EDITOR’S LETTER – MAY
When we carried out our annual Legal IT landscapes research in November/December 2019, the section on agile working and hotdesking made for some slightly puzzling reading. We’ve long tracked how firms are doing in terms of having ‘significantly’ (over 10%) more employees than desks in the office for them all – and have generally found increased appetite for the arrangement year after year. More firm leaders say they are already doing it; and of those that aren’t, more expect to get there sooner than said as much the year before.
Nothing very surprising there – office space is expensive, so it’s good if you don’t need to fill quite so much of it up with boring desks. You may simply need less space – or you might want to get more creative with those break-out spaces and client-facing areas instead. And after all, people quite like to work from home, right? When they really need to get their heads down. Or when it suits to have some flexibility to discharge other responsibilities or do other things. Or on Friday.

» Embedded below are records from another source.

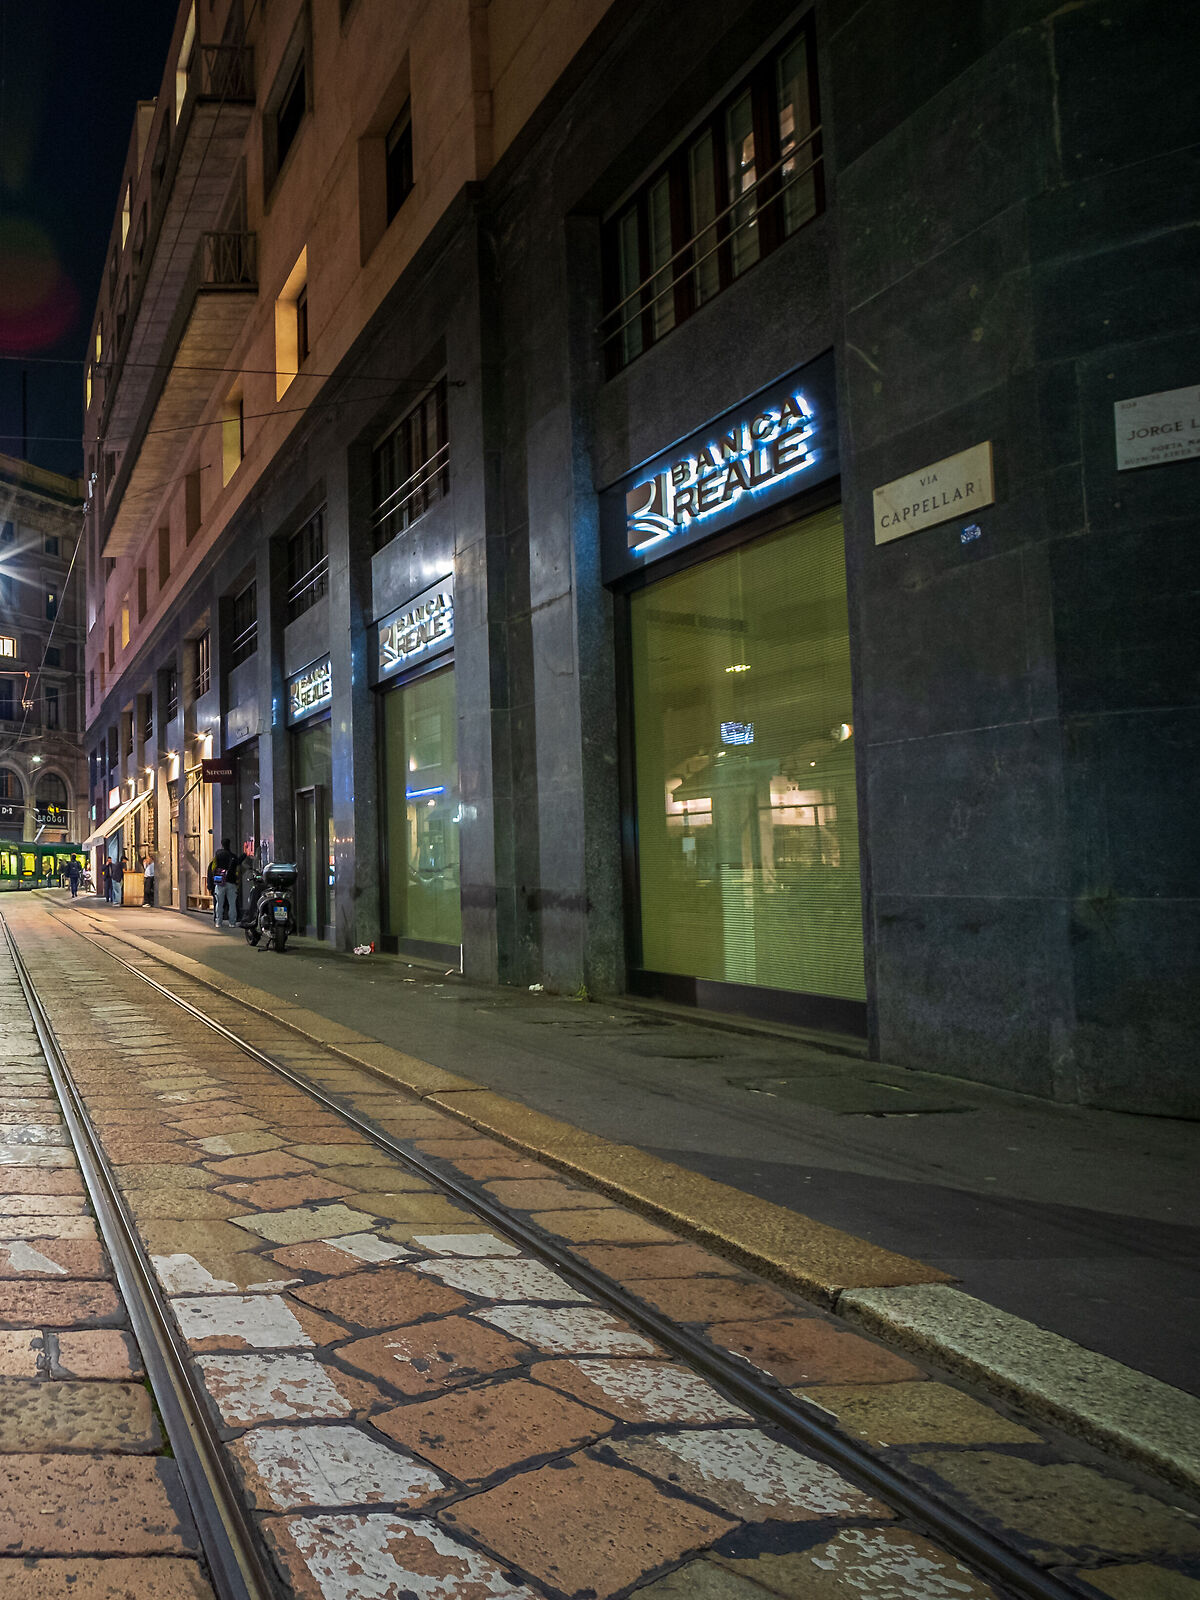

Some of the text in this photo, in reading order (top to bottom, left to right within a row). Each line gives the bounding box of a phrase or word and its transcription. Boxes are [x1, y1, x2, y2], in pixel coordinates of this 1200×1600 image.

[671, 395, 812, 487] BANCA
[1127, 421, 1184, 441] JORGE
[673, 427, 814, 526] REALE
[920, 474, 938, 487] VIA
[397, 593, 448, 633] BANCA
[398, 612, 449, 657] REALE
[37, 814, 65, 824] BROGGI
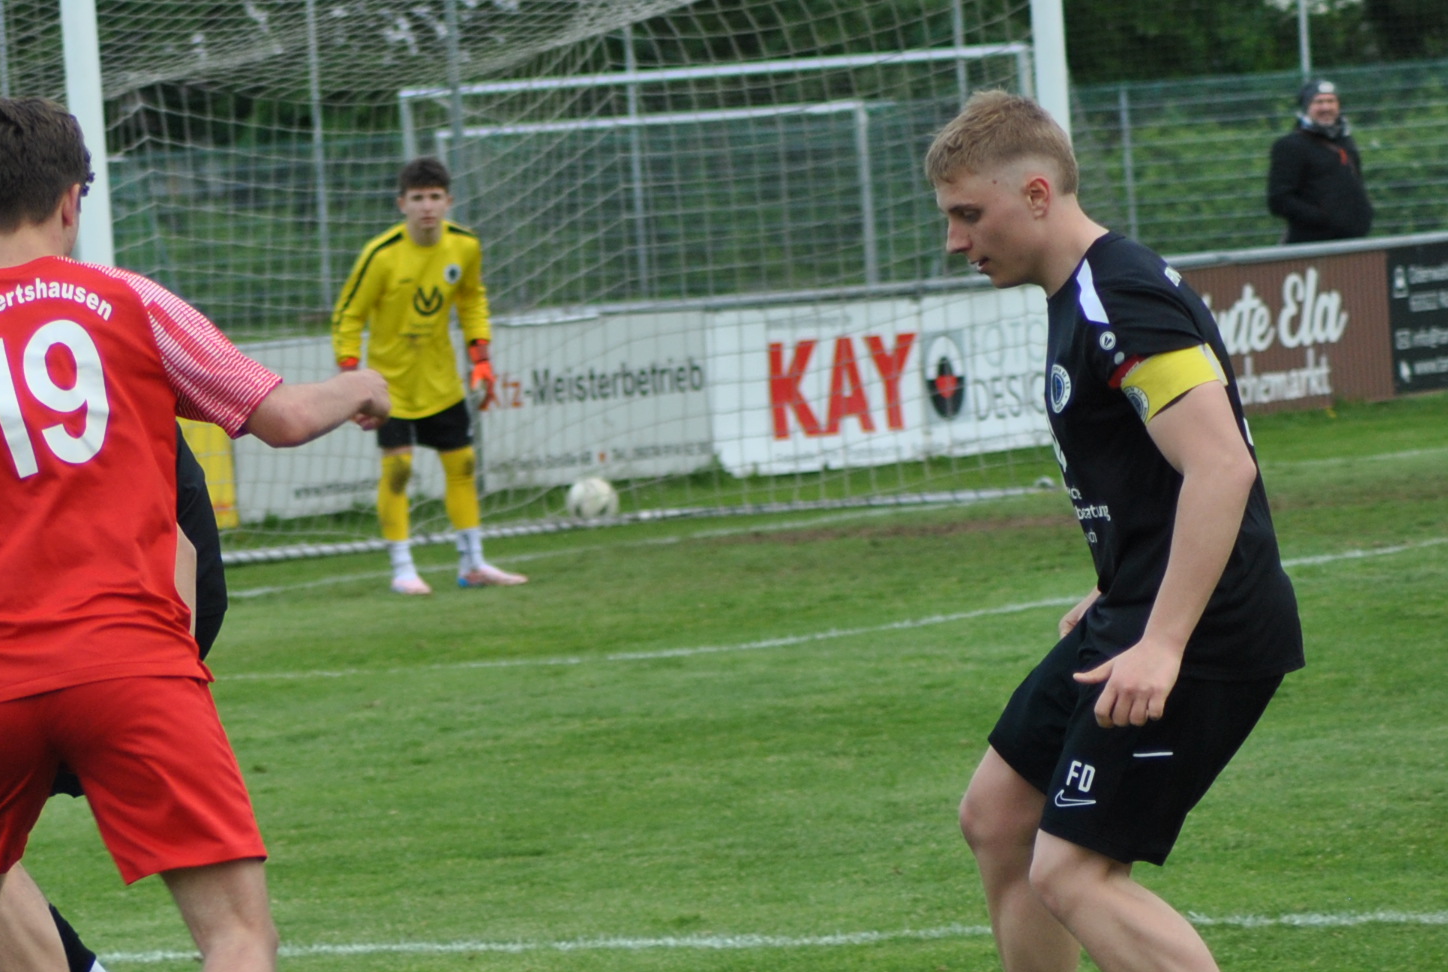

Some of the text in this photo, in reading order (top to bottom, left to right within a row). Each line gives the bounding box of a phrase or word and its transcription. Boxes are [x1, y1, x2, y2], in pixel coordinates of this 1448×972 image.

[1278, 267, 1349, 348] Ela
[768, 333, 917, 440] KAY
[973, 371, 1046, 421] DESIG
[1066, 760, 1095, 793] FD

But last year, quite a surprise: a higher proportion than the year before said no, they would ‘never’ in fact go there (the desk reduction) and three-quarters felt they might just reach that 10% mark in between five and 10 years’ time.
I can accept that some of the people businesses want to retain may simply like having a desk (some, maybe even an office) to call their own – but looked at in light of what legal has had to make happen by hook or by crook in a few weeks, that’s pretty staggering. I do wonder if folks will ever be able to sigh and say ‘fear of change’ at a conference in quite the same way again …
As it happens, this issue was planned to focus on how far agile (or ‘smart’) working had come long before lockdown began to loom. Perhaps it’s unreasonable to expect people to believe that now – but read on for plenty of insight into what was top of mind for those managing this working transition in 2020 like no other (p15). Some, though by no means all, of this naturally involves choices about technology (and see much more on that theme from p29). Certainly, firms that have carefully invested in systems to help their people be more efficient, productive and collaborative over the years should be in a somewhat better place to meet this latest challenge.